Problem statement:
Should an entry contain an image, leave the image out and repeat the entry's text exactly.

━━ Records for the exercise

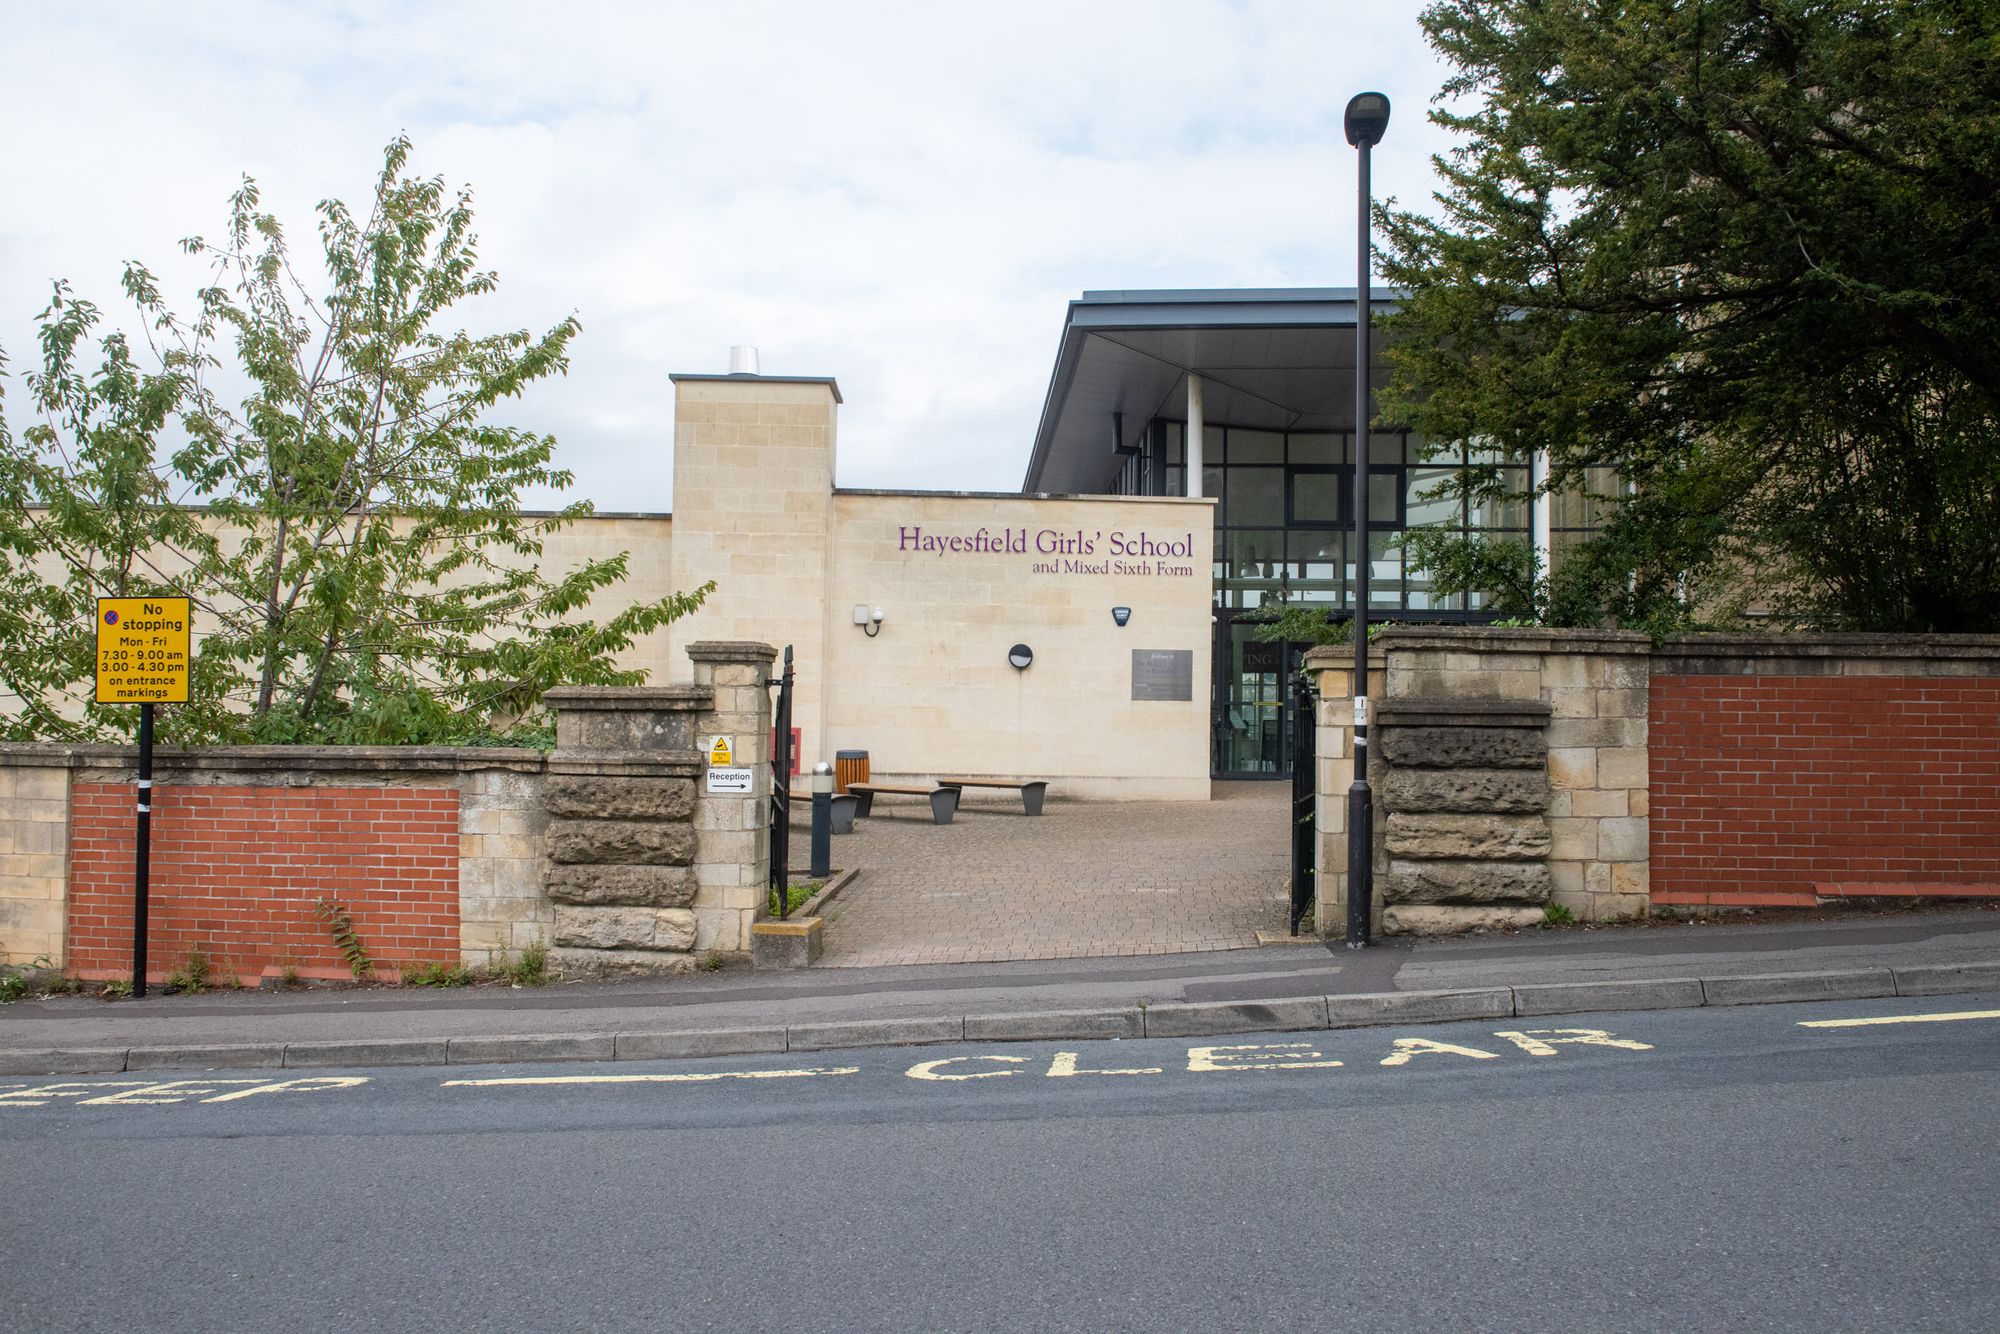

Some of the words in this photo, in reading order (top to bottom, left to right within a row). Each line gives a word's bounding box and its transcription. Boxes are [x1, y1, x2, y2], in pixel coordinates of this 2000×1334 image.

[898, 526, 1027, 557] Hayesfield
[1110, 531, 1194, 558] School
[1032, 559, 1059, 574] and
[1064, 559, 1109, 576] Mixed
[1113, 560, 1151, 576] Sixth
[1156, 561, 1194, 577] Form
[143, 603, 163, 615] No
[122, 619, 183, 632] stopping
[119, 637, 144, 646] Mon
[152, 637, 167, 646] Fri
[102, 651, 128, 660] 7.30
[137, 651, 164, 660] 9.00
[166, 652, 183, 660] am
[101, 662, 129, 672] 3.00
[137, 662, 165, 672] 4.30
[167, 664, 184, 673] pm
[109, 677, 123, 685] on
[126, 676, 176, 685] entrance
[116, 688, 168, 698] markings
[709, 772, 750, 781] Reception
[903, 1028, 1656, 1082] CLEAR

━━━━

Output of the task:
Some of the words in this photo, in reading order (top to bottom, left to right within a row). Each line gives a word's bounding box and its transcription. Boxes are [x1, y1, x2, y2], in pixel coordinates of this 2000×1334 image.

[898, 526, 1027, 557] Hayesfield
[1110, 531, 1194, 558] School
[1032, 559, 1059, 574] and
[1064, 559, 1109, 576] Mixed
[1113, 560, 1151, 576] Sixth
[1156, 561, 1194, 577] Form
[143, 603, 163, 615] No
[122, 619, 183, 632] stopping
[119, 637, 144, 646] Mon
[152, 637, 167, 646] Fri
[102, 651, 128, 660] 7.30
[137, 651, 164, 660] 9.00
[166, 652, 183, 660] am
[101, 662, 129, 672] 3.00
[137, 662, 165, 672] 4.30
[167, 664, 184, 673] pm
[109, 677, 123, 685] on
[126, 676, 176, 685] entrance
[116, 688, 168, 698] markings
[709, 772, 750, 781] Reception
[903, 1028, 1656, 1082] CLEAR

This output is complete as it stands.